##### RECORDS TO USE #####
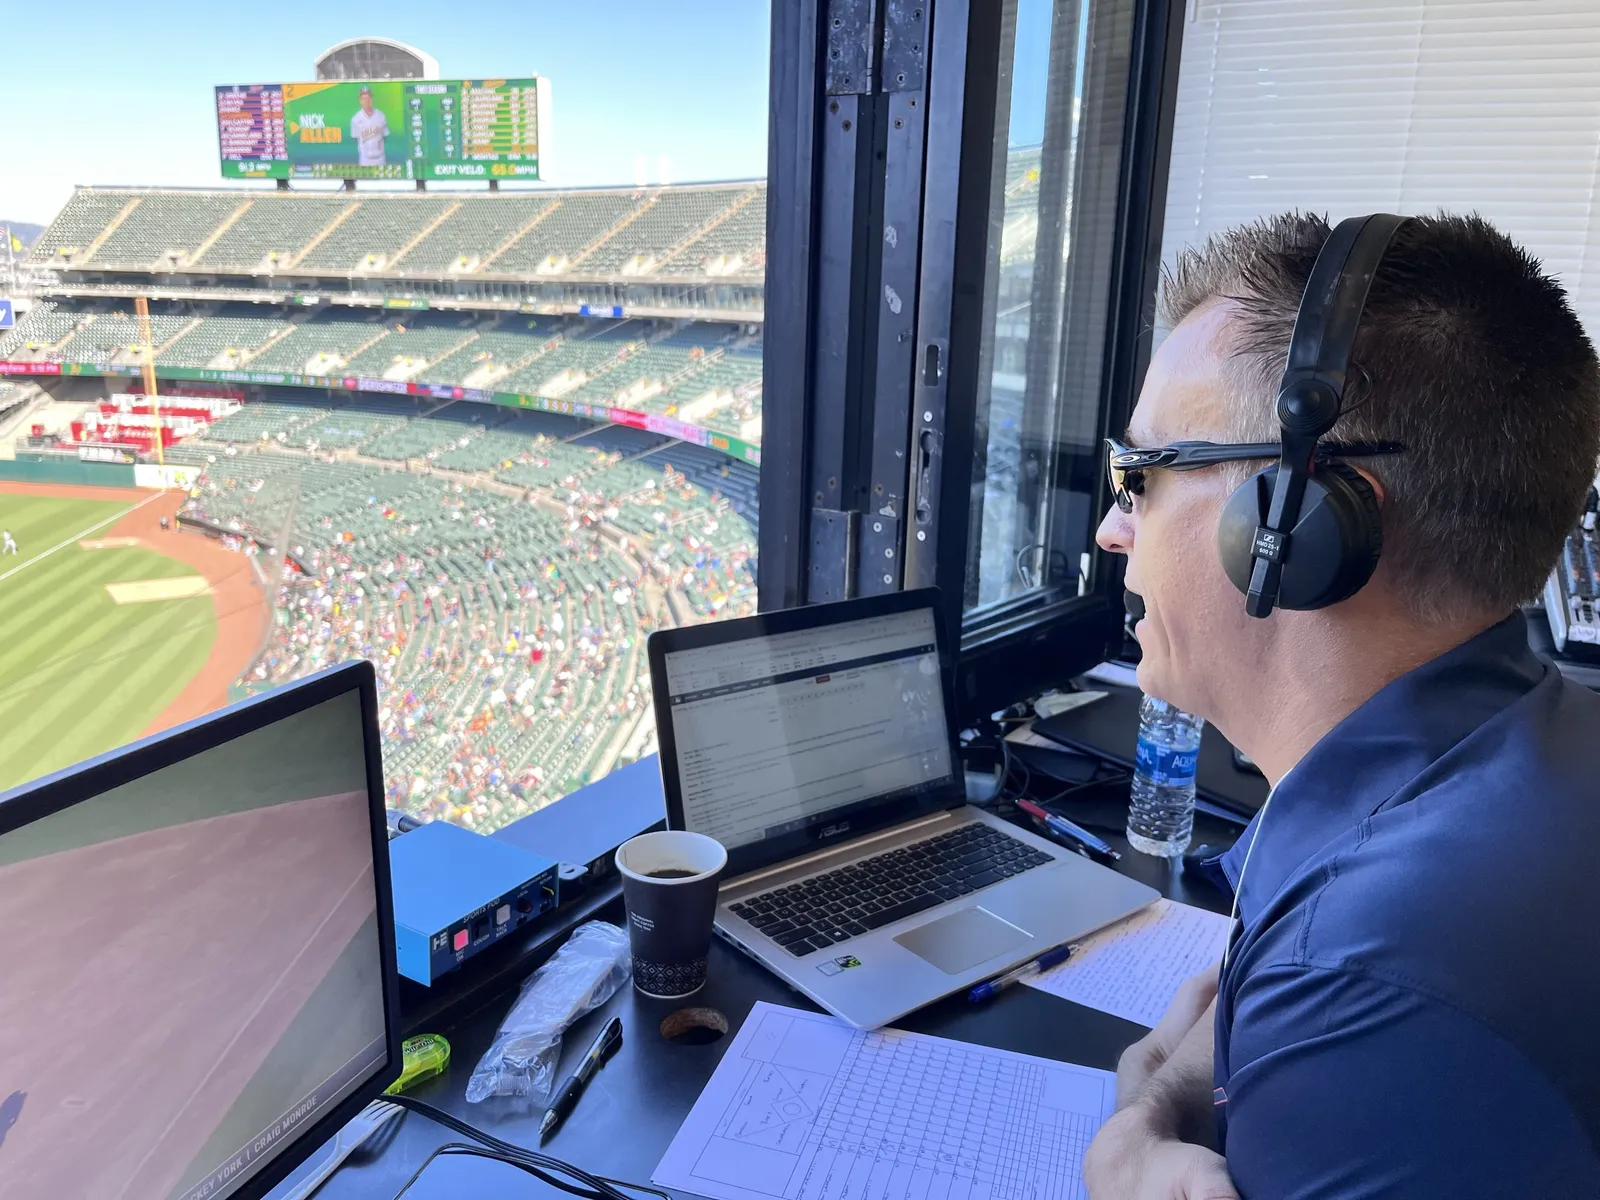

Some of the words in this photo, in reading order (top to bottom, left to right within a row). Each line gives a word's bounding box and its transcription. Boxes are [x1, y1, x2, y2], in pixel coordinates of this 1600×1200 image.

[819, 821, 850, 839] ASUS
[463, 906, 487, 924] SPORTS
[217, 1157, 243, 1182] YORK
[254, 1125, 281, 1153] CRAIG
[282, 1094, 318, 1129] MONROE
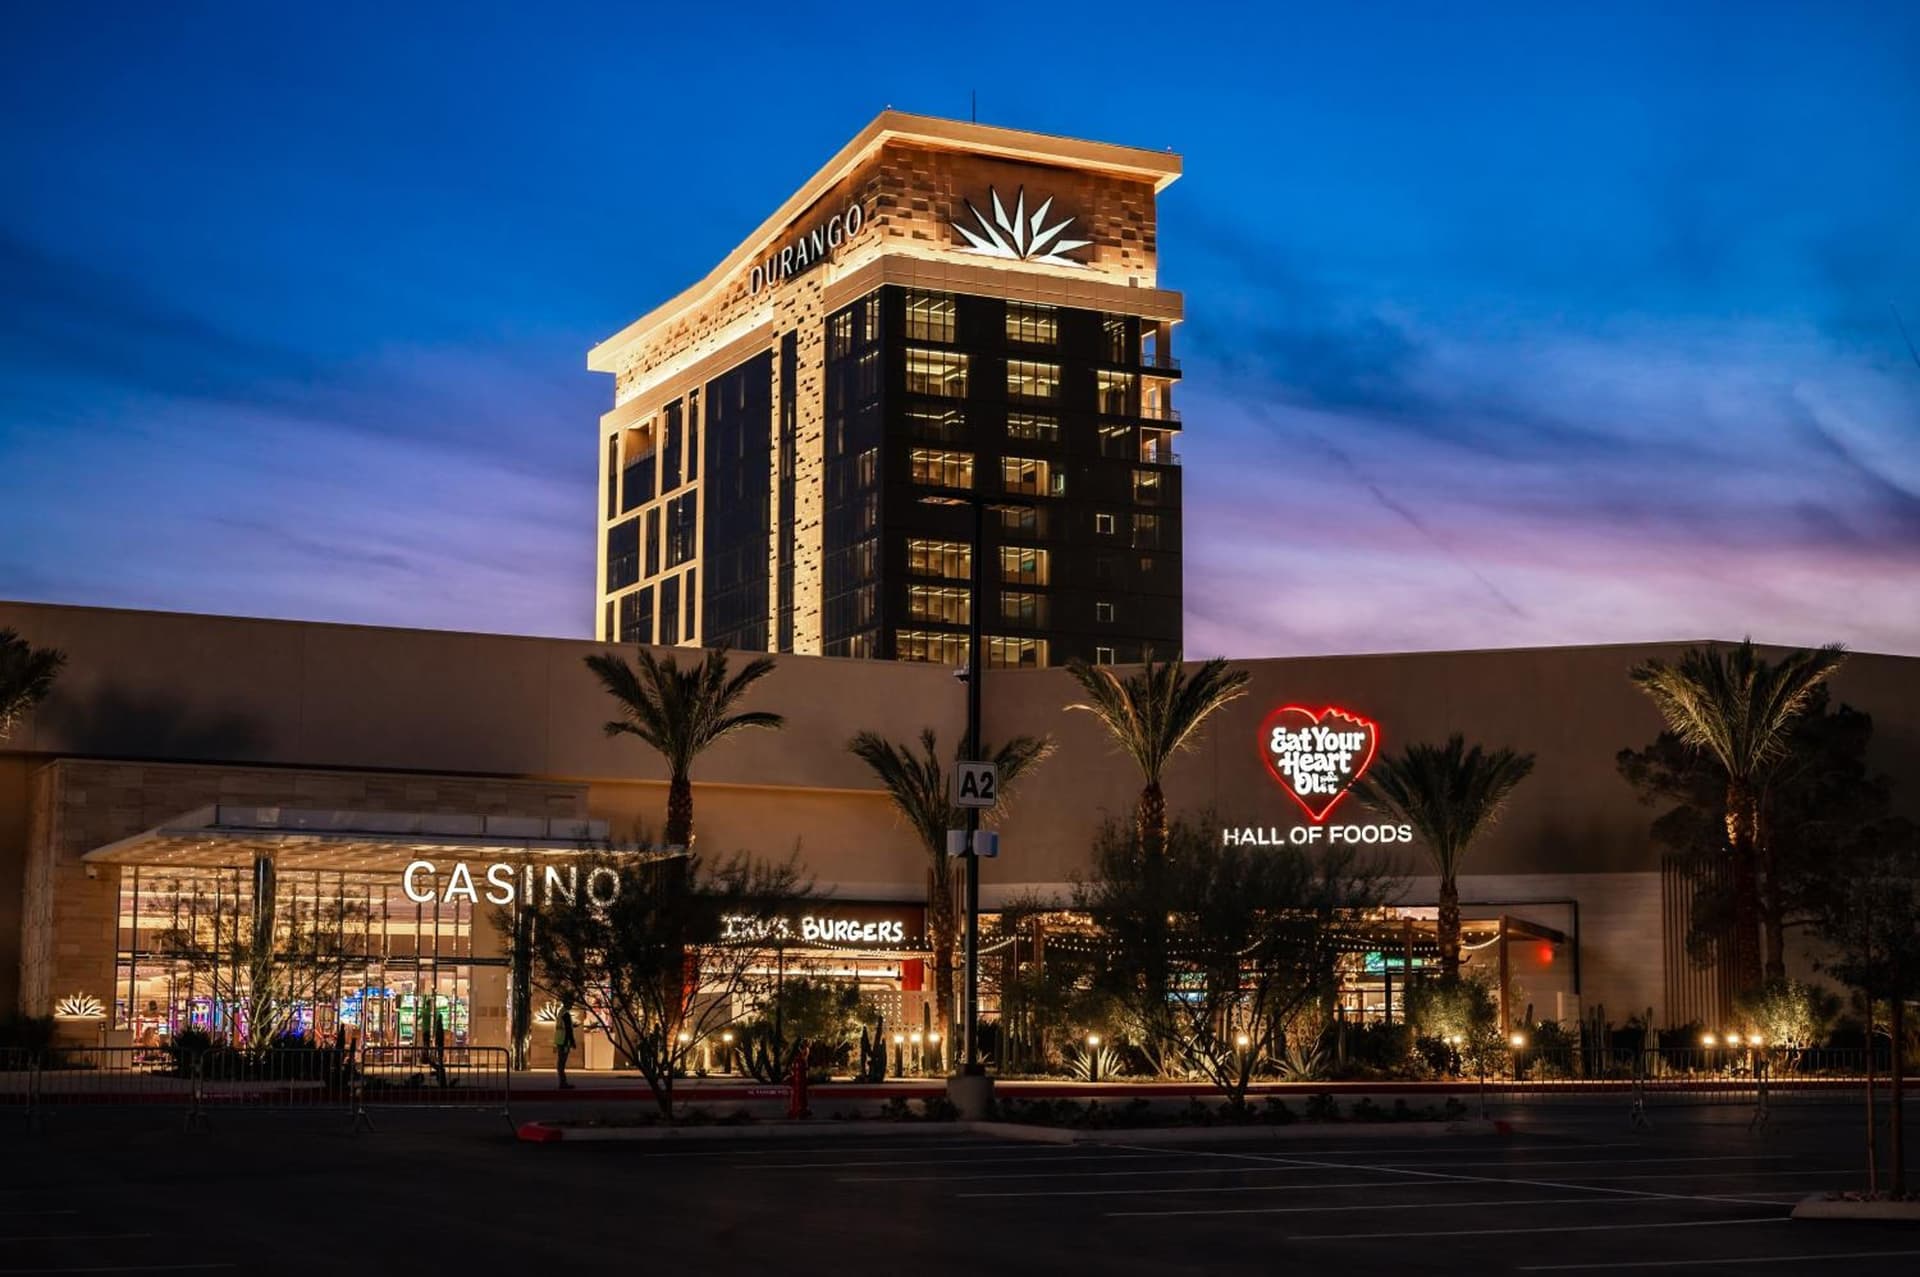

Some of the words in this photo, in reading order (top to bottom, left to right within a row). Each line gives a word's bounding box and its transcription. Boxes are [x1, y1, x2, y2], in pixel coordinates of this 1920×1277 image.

[750, 204, 863, 297] DURANGO
[1270, 727, 1312, 753] Eat
[1311, 726, 1366, 753] Your
[1278, 750, 1353, 775] Heart
[960, 771, 994, 799] A2
[1294, 771, 1339, 795] Out
[1223, 827, 1285, 846] HALL
[1290, 826, 1324, 845] OF
[1329, 825, 1413, 844] FOODS
[402, 860, 621, 907] CASINO
[802, 916, 905, 943] BURGERS
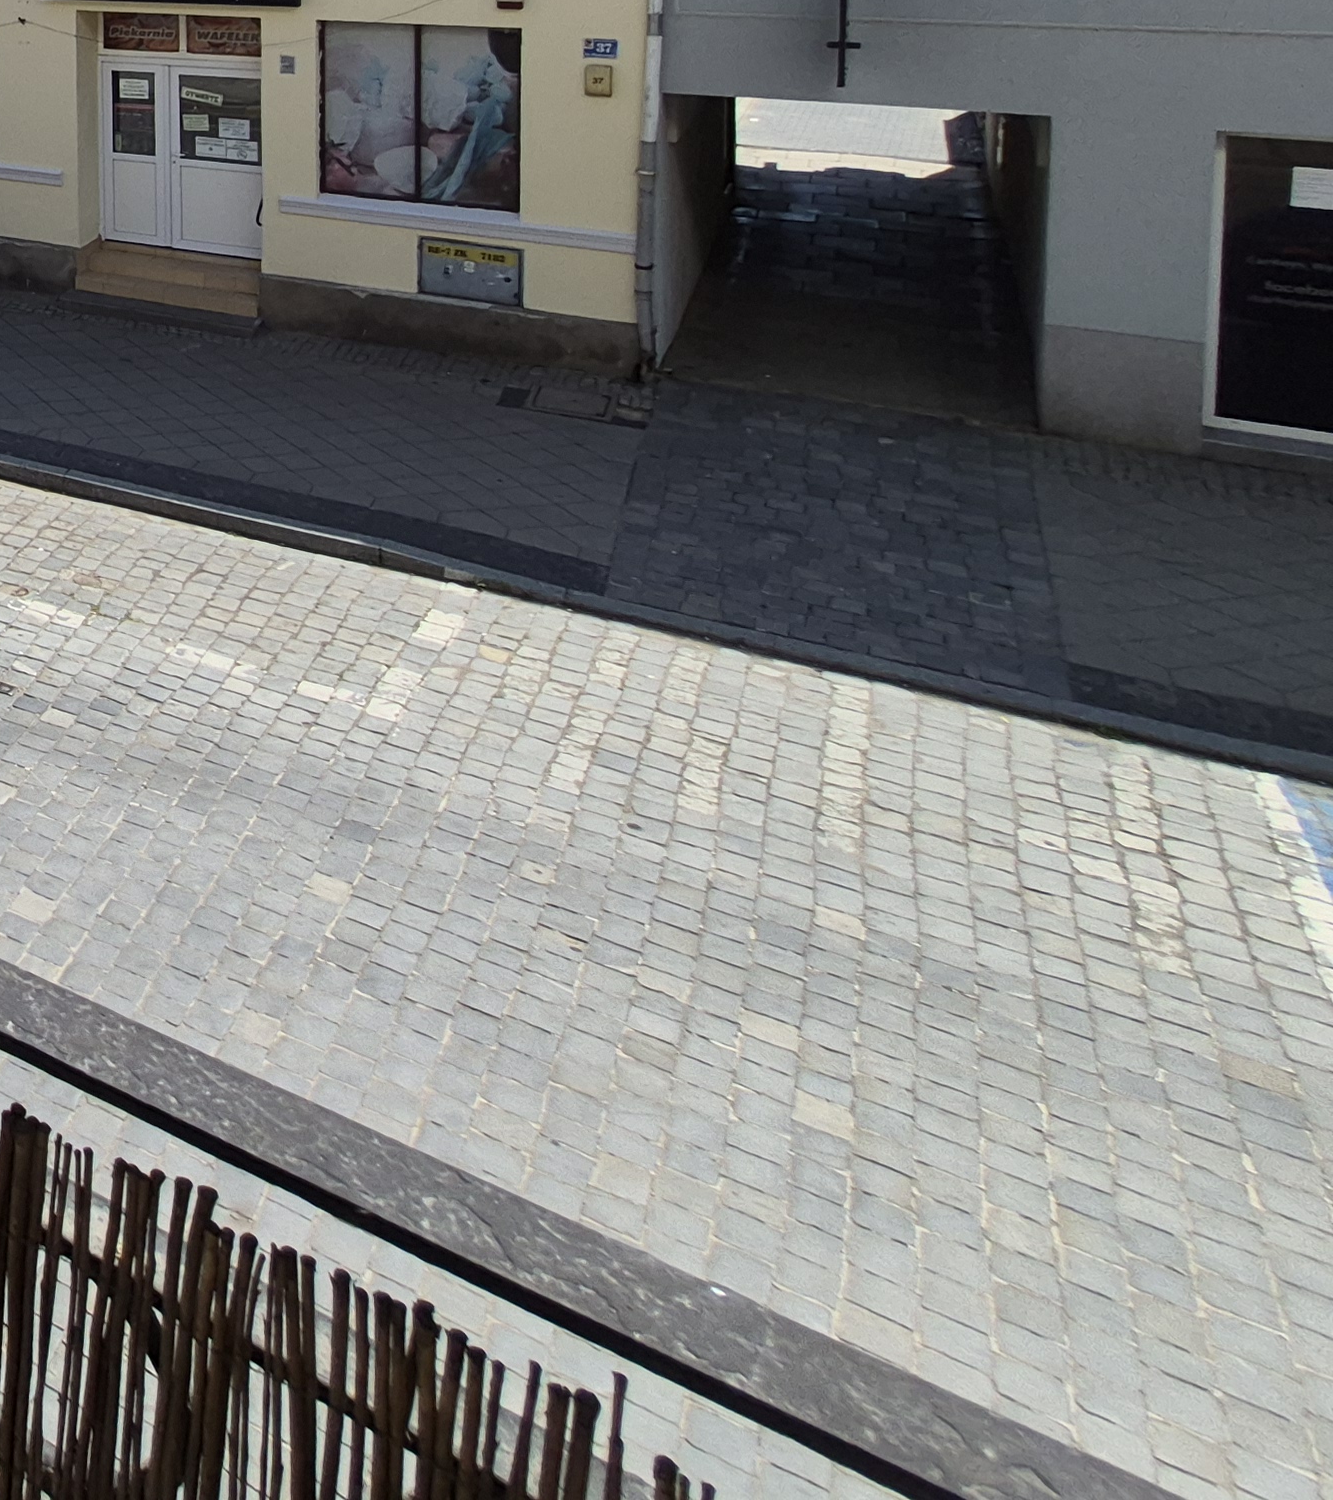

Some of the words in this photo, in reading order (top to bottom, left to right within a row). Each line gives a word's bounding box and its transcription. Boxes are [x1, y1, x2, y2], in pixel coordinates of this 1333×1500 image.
#####
TASK DESCRIPTION: Everything from the line with "this 1920×1277 image." through the last line of the listing should be retyped exactly, with both end lines kept and the pictures left out.

TASK RESULT:
Some of the words in this photo, in reading order (top to bottom, left to right within a row). Each line gives a word's bounding box and its transcription. Boxes are [x1, y1, x2, y2], in pixel coordinates of this 1920×1277 image.

[750, 204, 863, 297] DURANGO
[1270, 727, 1312, 753] Eat
[1311, 726, 1366, 753] Your
[1278, 750, 1353, 775] Heart
[960, 771, 994, 799] A2
[1294, 771, 1339, 795] Out
[1223, 827, 1285, 846] HALL
[1290, 826, 1324, 845] OF
[1329, 825, 1413, 844] FOODS
[402, 860, 621, 907] CASINO
[802, 916, 905, 943] BURGERS

Some of the words in this photo, in reading order (top to bottom, left to right within a row). Each line gives a word's bounding box and its transcription. Boxes are [x1, y1, x2, y2], in pixel coordinates of this 1333×1500 image.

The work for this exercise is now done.